▶ [Data]:

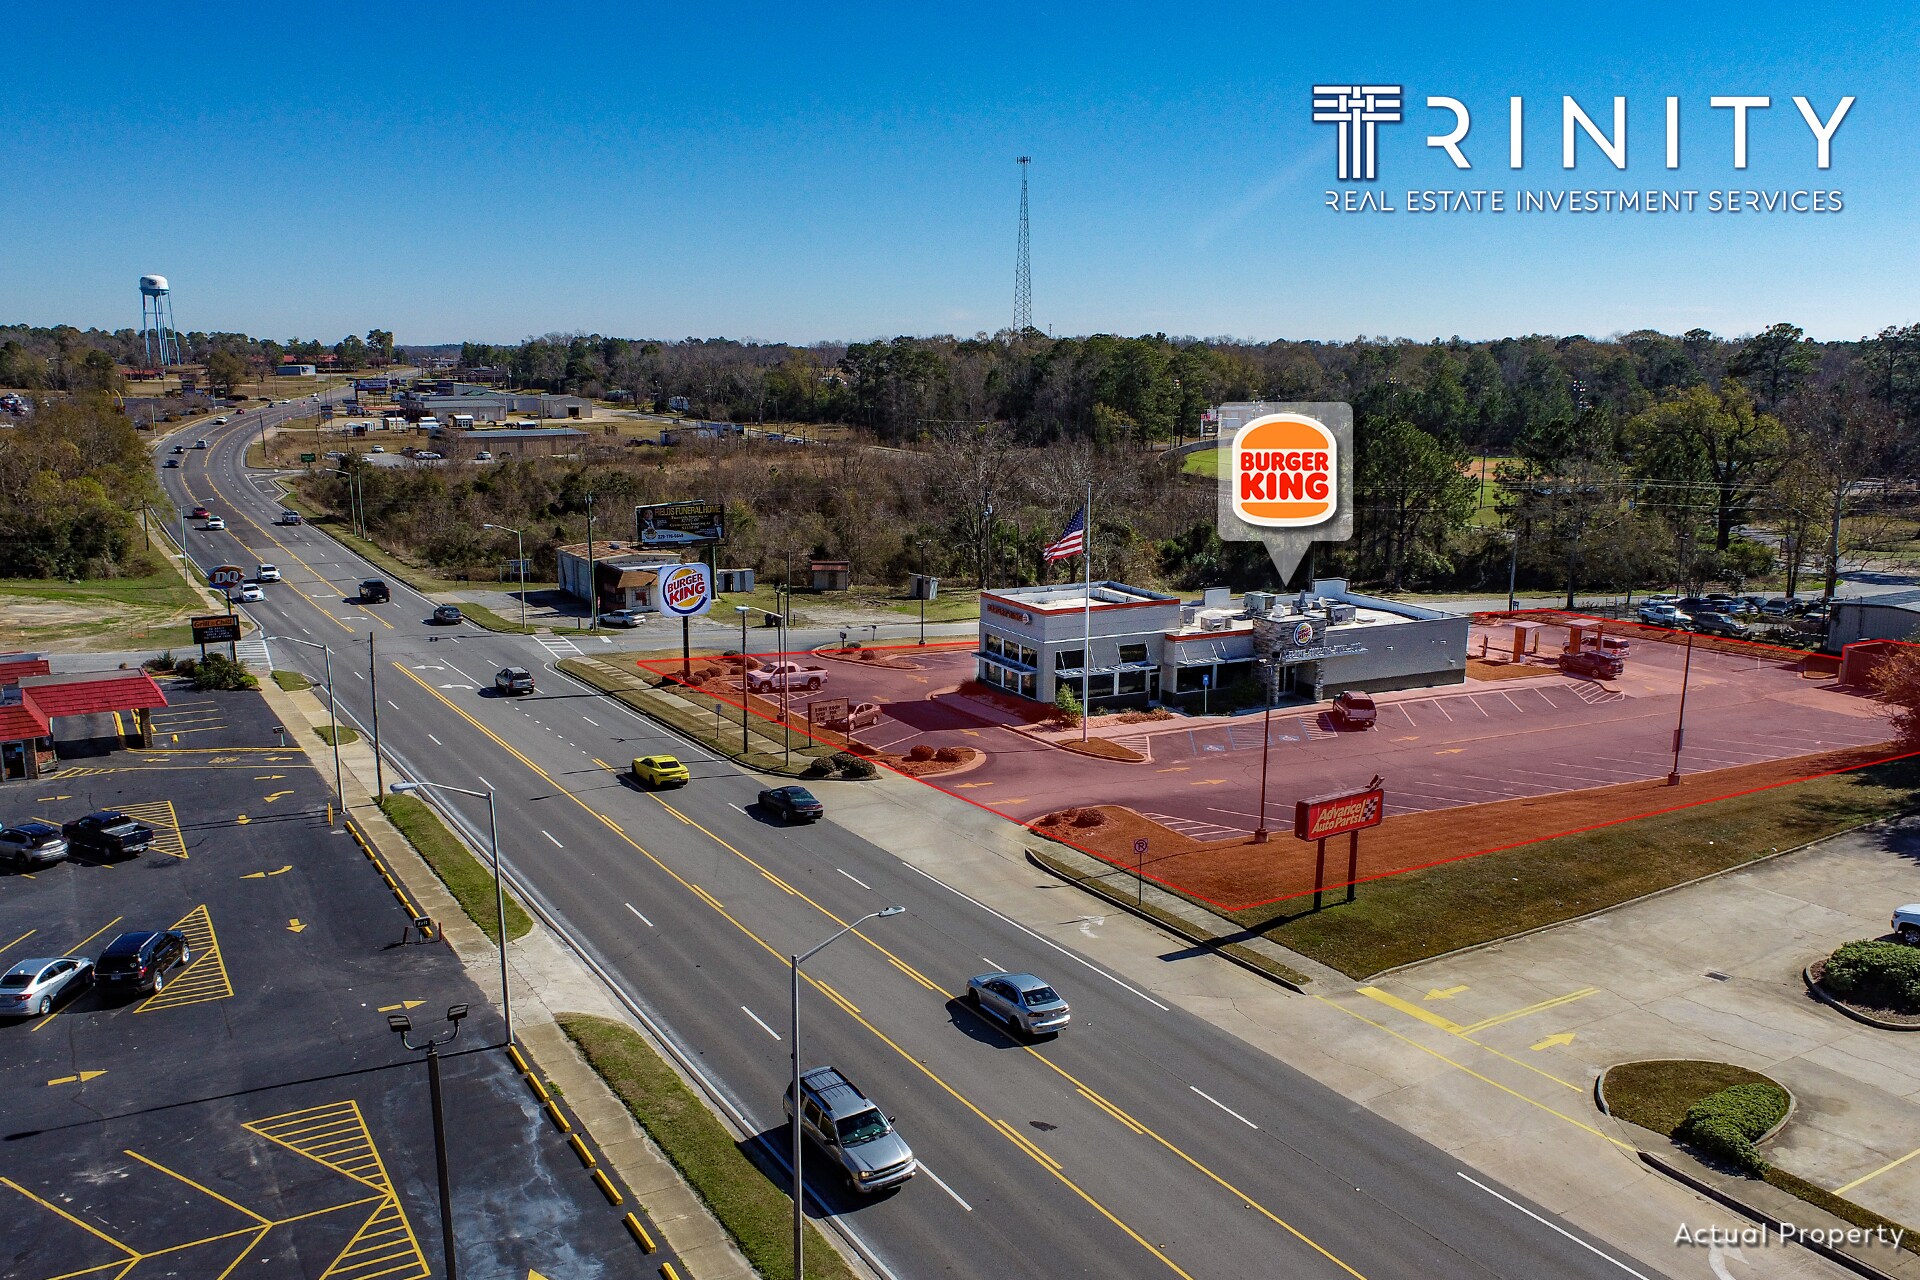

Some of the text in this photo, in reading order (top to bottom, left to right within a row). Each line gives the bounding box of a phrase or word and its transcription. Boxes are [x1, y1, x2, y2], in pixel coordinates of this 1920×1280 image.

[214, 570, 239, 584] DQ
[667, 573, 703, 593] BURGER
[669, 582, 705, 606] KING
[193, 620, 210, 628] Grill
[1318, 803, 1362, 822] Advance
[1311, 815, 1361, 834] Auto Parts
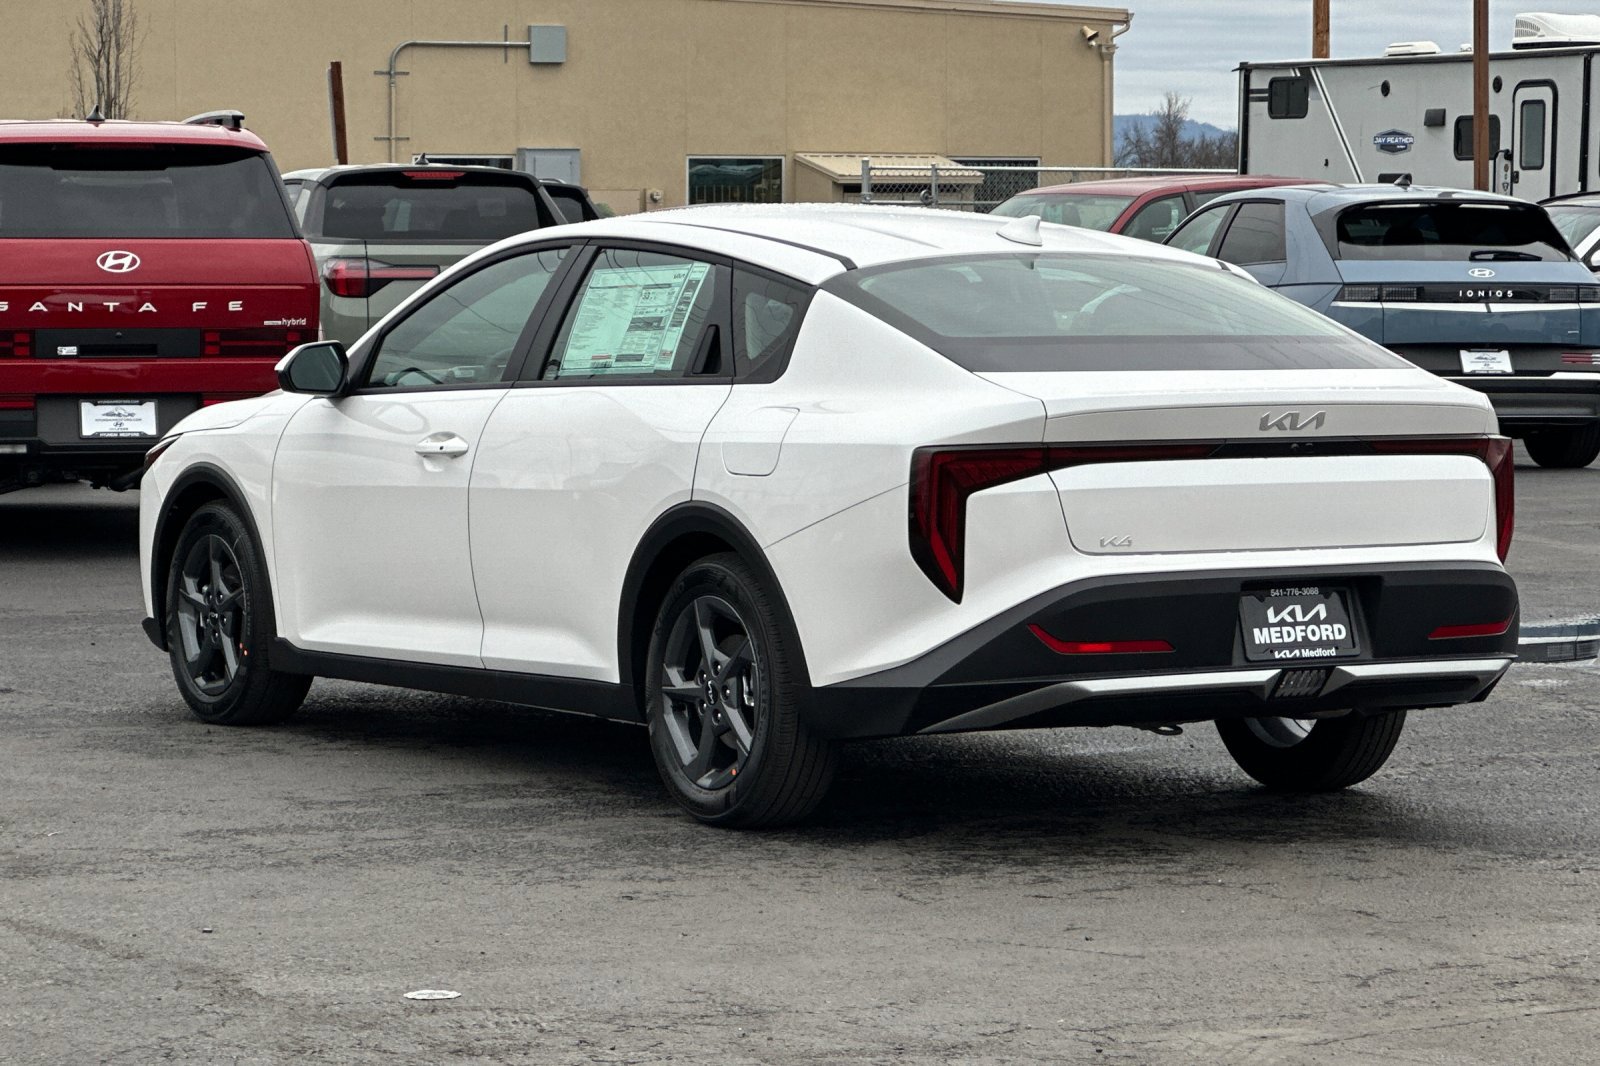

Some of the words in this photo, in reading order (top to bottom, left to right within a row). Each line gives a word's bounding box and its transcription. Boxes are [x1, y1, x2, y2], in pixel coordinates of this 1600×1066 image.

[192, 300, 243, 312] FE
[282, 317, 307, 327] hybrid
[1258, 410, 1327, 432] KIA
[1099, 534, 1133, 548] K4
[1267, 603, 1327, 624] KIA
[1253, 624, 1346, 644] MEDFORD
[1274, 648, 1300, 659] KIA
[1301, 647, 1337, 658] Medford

▶ [Exercise]:
Print out every record above exactly as given. Do not include the pictures.

▶ [Written reply]:
Some of the text in this photo, in reading order (top to bottom, left to right within a row). Each line gives the bounding box of a phrase or word and its transcription. Boxes are [x1, y1, x2, y2], in pixel coordinates of this 1920×1280 image.

[214, 570, 239, 584] DQ
[667, 573, 703, 593] BURGER
[669, 582, 705, 606] KING
[193, 620, 210, 628] Grill
[1318, 803, 1362, 822] Advance
[1311, 815, 1361, 834] Auto Parts

Some of the words in this photo, in reading order (top to bottom, left to right within a row). Each line gives a word's bounding box and its transcription. Boxes are [x1, y1, x2, y2], in pixel coordinates of this 1600×1066 image.

[192, 300, 243, 312] FE
[282, 317, 307, 327] hybrid
[1258, 410, 1327, 432] KIA
[1099, 534, 1133, 548] K4
[1267, 603, 1327, 624] KIA
[1253, 624, 1346, 644] MEDFORD
[1274, 648, 1300, 659] KIA
[1301, 647, 1337, 658] Medford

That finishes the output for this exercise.